Saved data entries >>

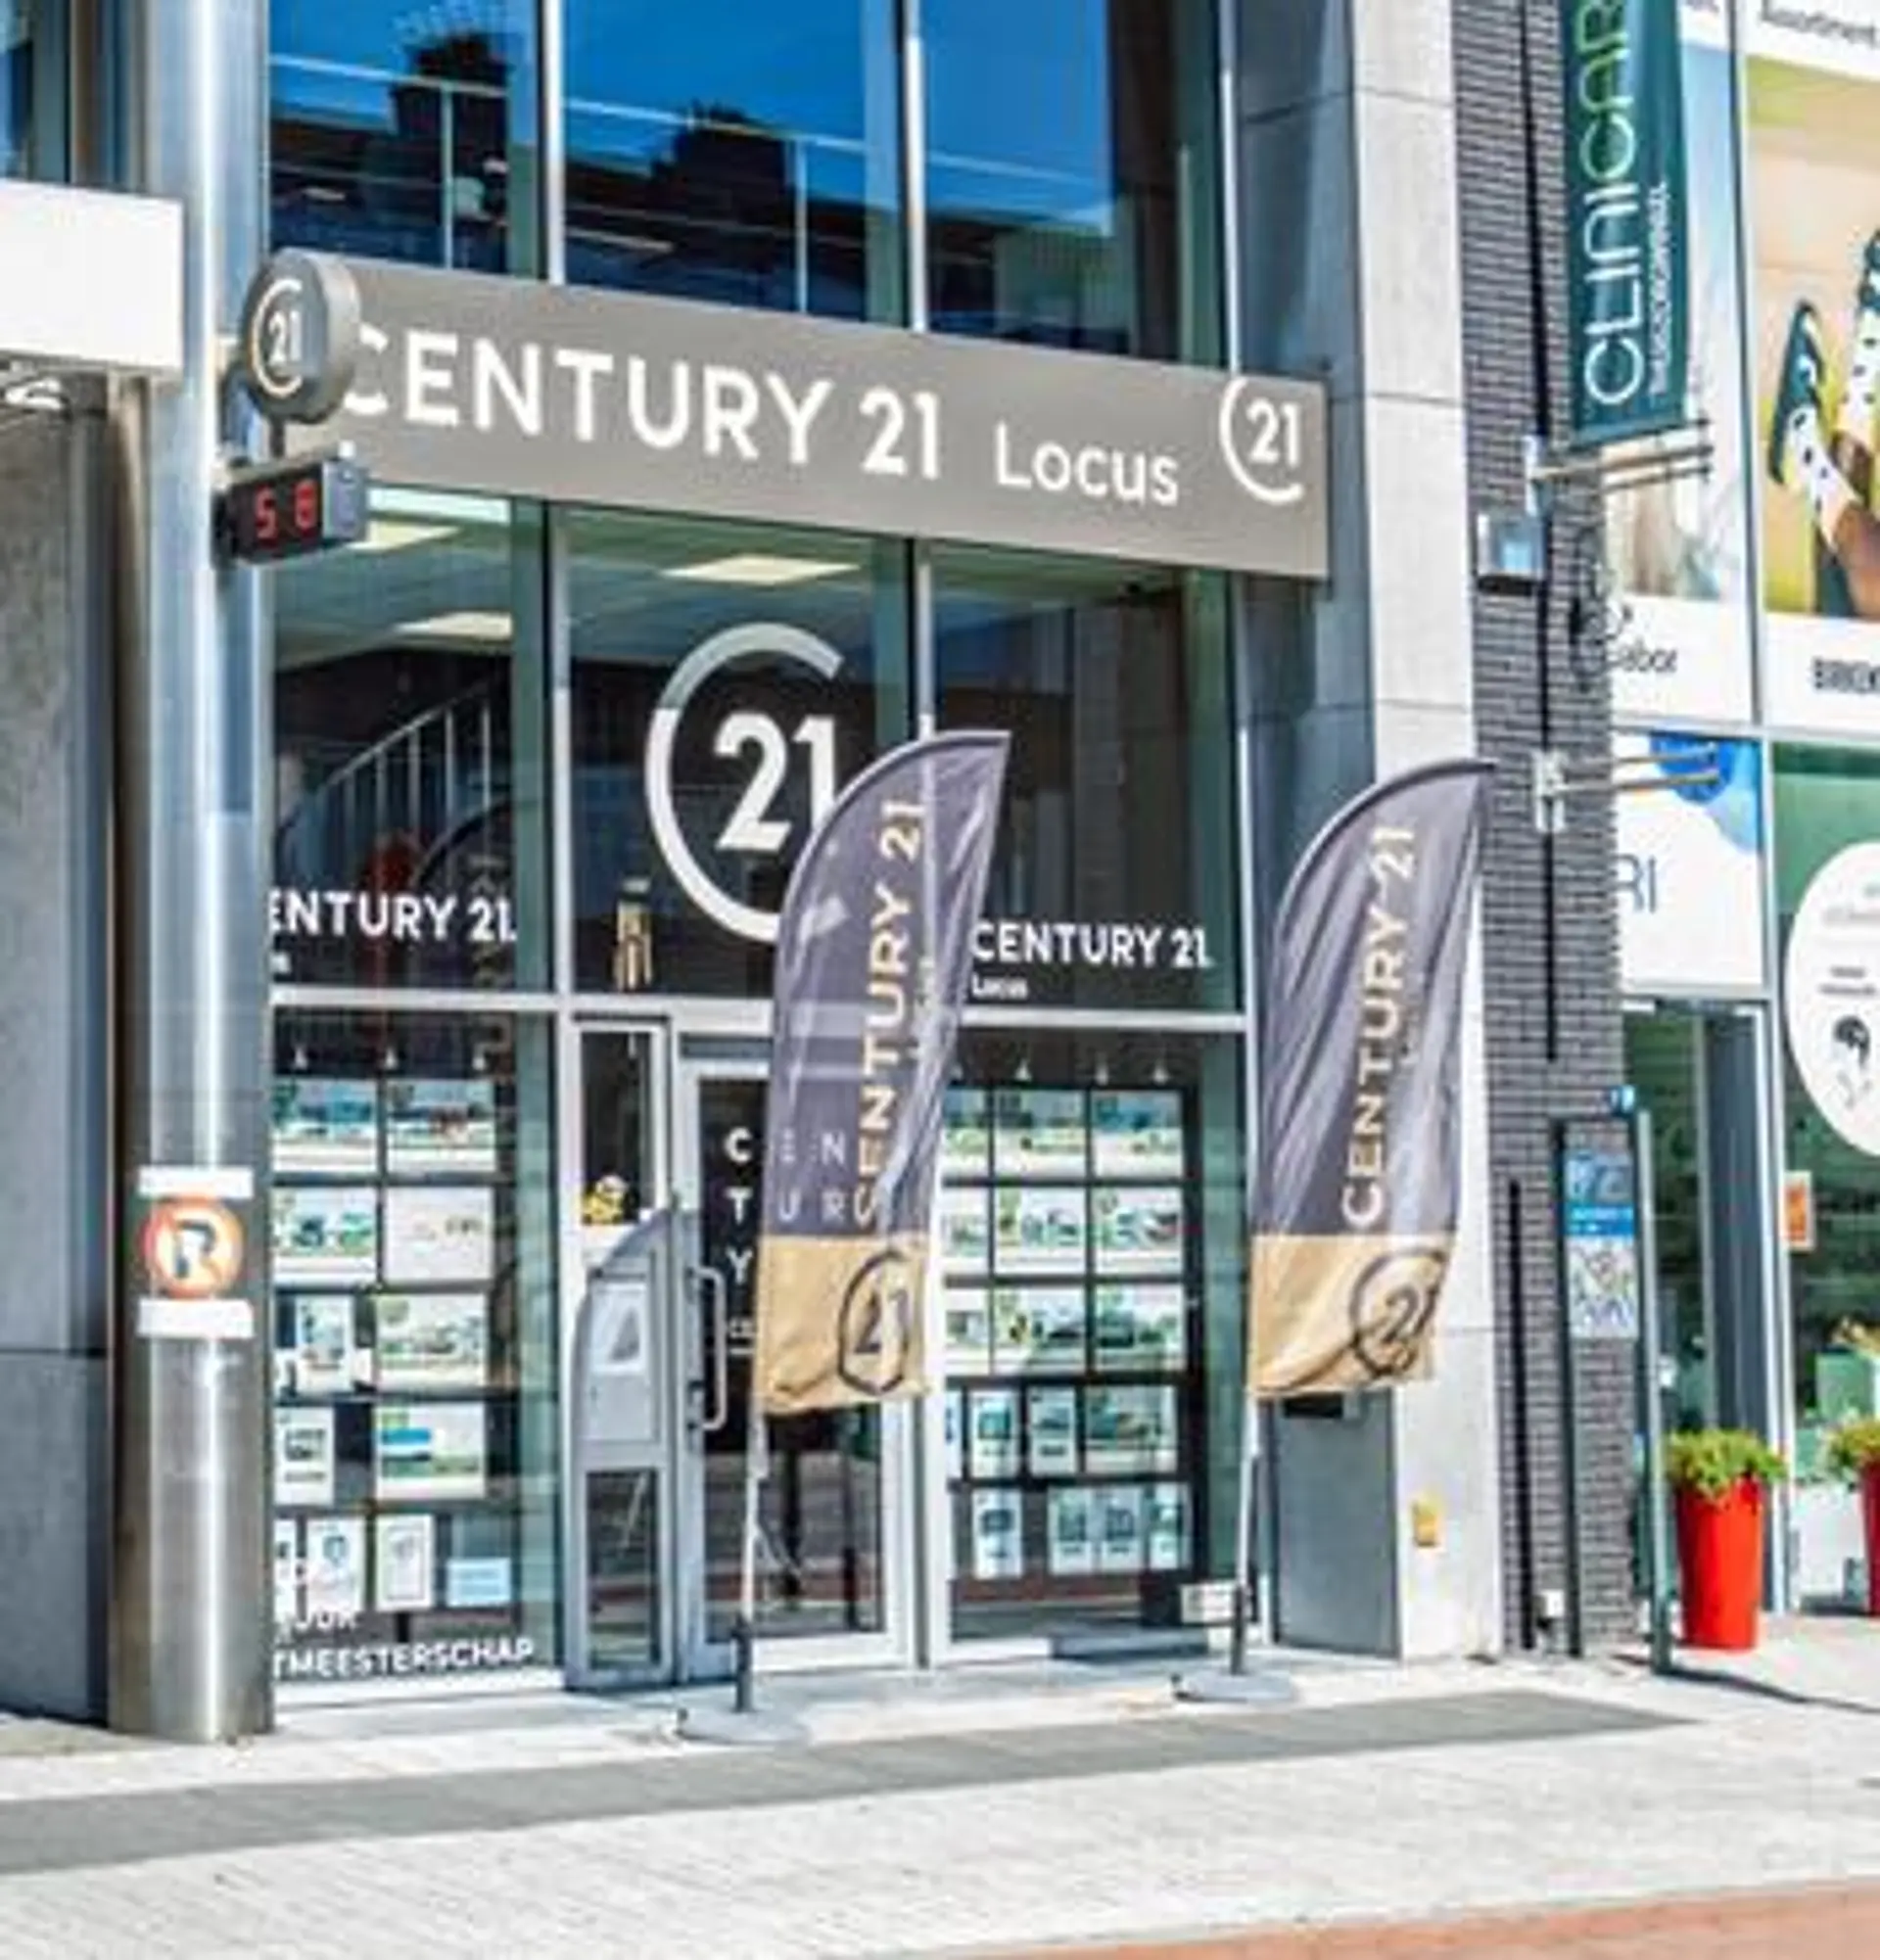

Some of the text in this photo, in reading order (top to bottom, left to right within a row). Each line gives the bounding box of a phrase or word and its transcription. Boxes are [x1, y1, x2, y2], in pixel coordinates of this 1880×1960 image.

[859, 386, 941, 480] 21
[994, 420, 1179, 506] Locus
[879, 800, 926, 863] 21
[1374, 824, 1416, 877] 21
[968, 916, 1163, 968] CENTURY
[1341, 904, 1408, 1228] CENTURY

TASK TO CARRY OUT >> Excluding images, return all of the records above word for word.

FINISHED TASK >>
Some of the text in this photo, in reading order (top to bottom, left to right within a row). Each line gives the bounding box of a phrase or word and its transcription. Boxes are [x1, y1, x2, y2], in pixel coordinates of this 1880×1960 image.

[859, 386, 941, 480] 21
[994, 420, 1179, 506] Locus
[879, 800, 926, 863] 21
[1374, 824, 1416, 877] 21
[968, 916, 1163, 968] CENTURY
[1341, 904, 1408, 1228] CENTURY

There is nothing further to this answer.